Return each of the entries below precisely, with no pictures in the result.

· · · · · · ·

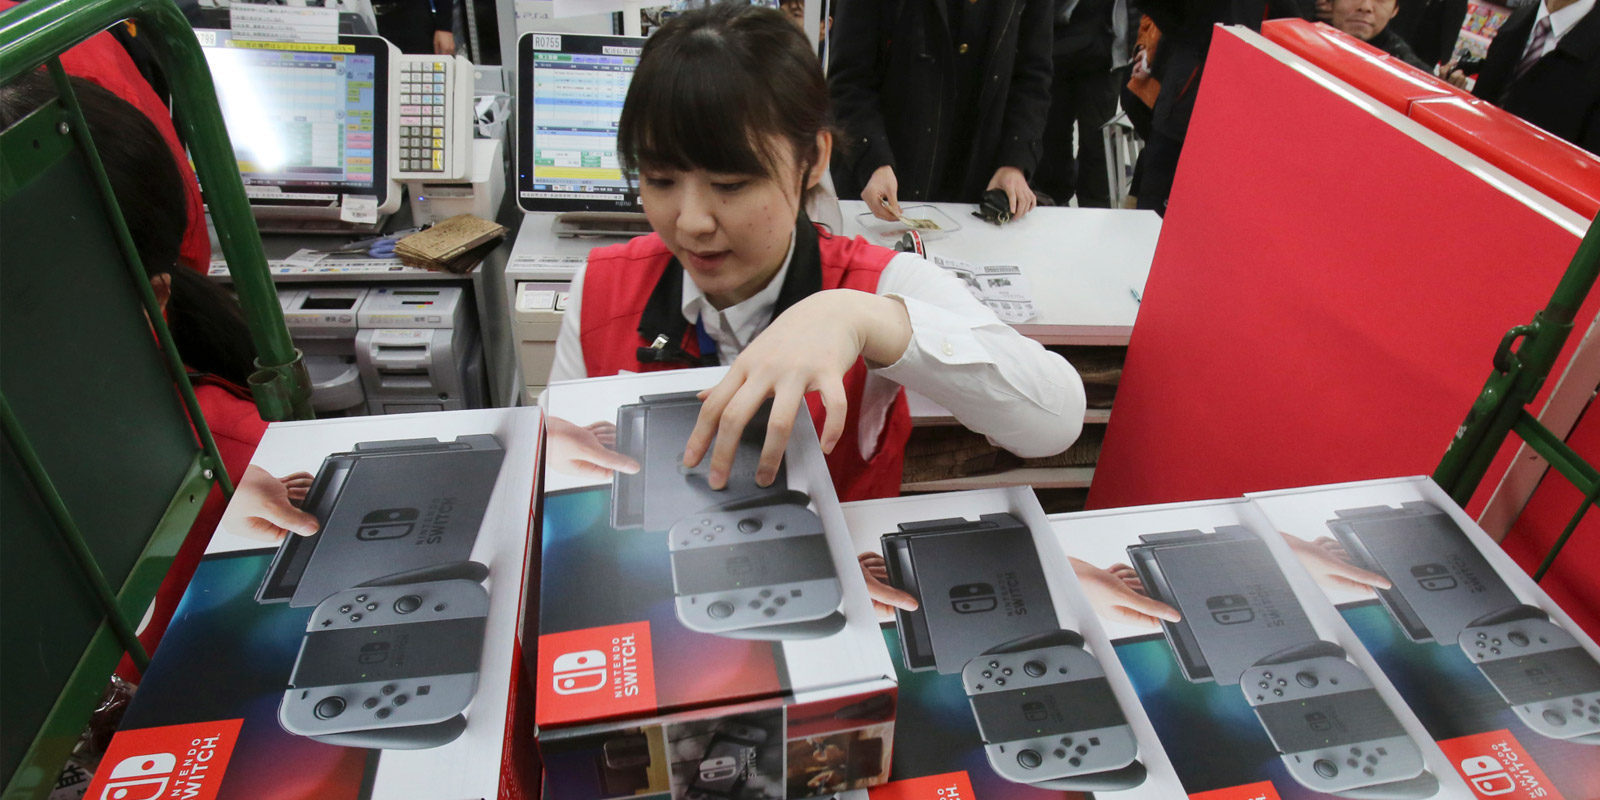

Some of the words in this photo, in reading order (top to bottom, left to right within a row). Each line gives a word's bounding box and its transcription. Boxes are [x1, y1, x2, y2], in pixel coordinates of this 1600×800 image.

[535, 36, 560, 48] R0755
[427, 497, 456, 544] SWITCH
[1006, 572, 1027, 616] SWITCH
[612, 637, 623, 698] NINTENDO
[622, 635, 639, 697] SWITCH
[168, 738, 202, 800] NTENDO
[180, 734, 219, 800] WITCH
[1491, 744, 1537, 799] NINTENDO
[1498, 742, 1548, 798] SWITCH

· · · · · · ·

- _EXERCISE ANSWER_
Some of the words in this photo, in reading order (top to bottom, left to right within a row). Each line gives a word's bounding box and its transcription. Boxes are [x1, y1, x2, y2], in pixel coordinates of this 1600×800 image.

[535, 36, 560, 48] R0755
[427, 497, 456, 544] SWITCH
[1006, 572, 1027, 616] SWITCH
[612, 637, 623, 698] NINTENDO
[622, 635, 639, 697] SWITCH
[168, 738, 202, 800] NTENDO
[180, 734, 219, 800] WITCH
[1491, 744, 1537, 799] NINTENDO
[1498, 742, 1548, 798] SWITCH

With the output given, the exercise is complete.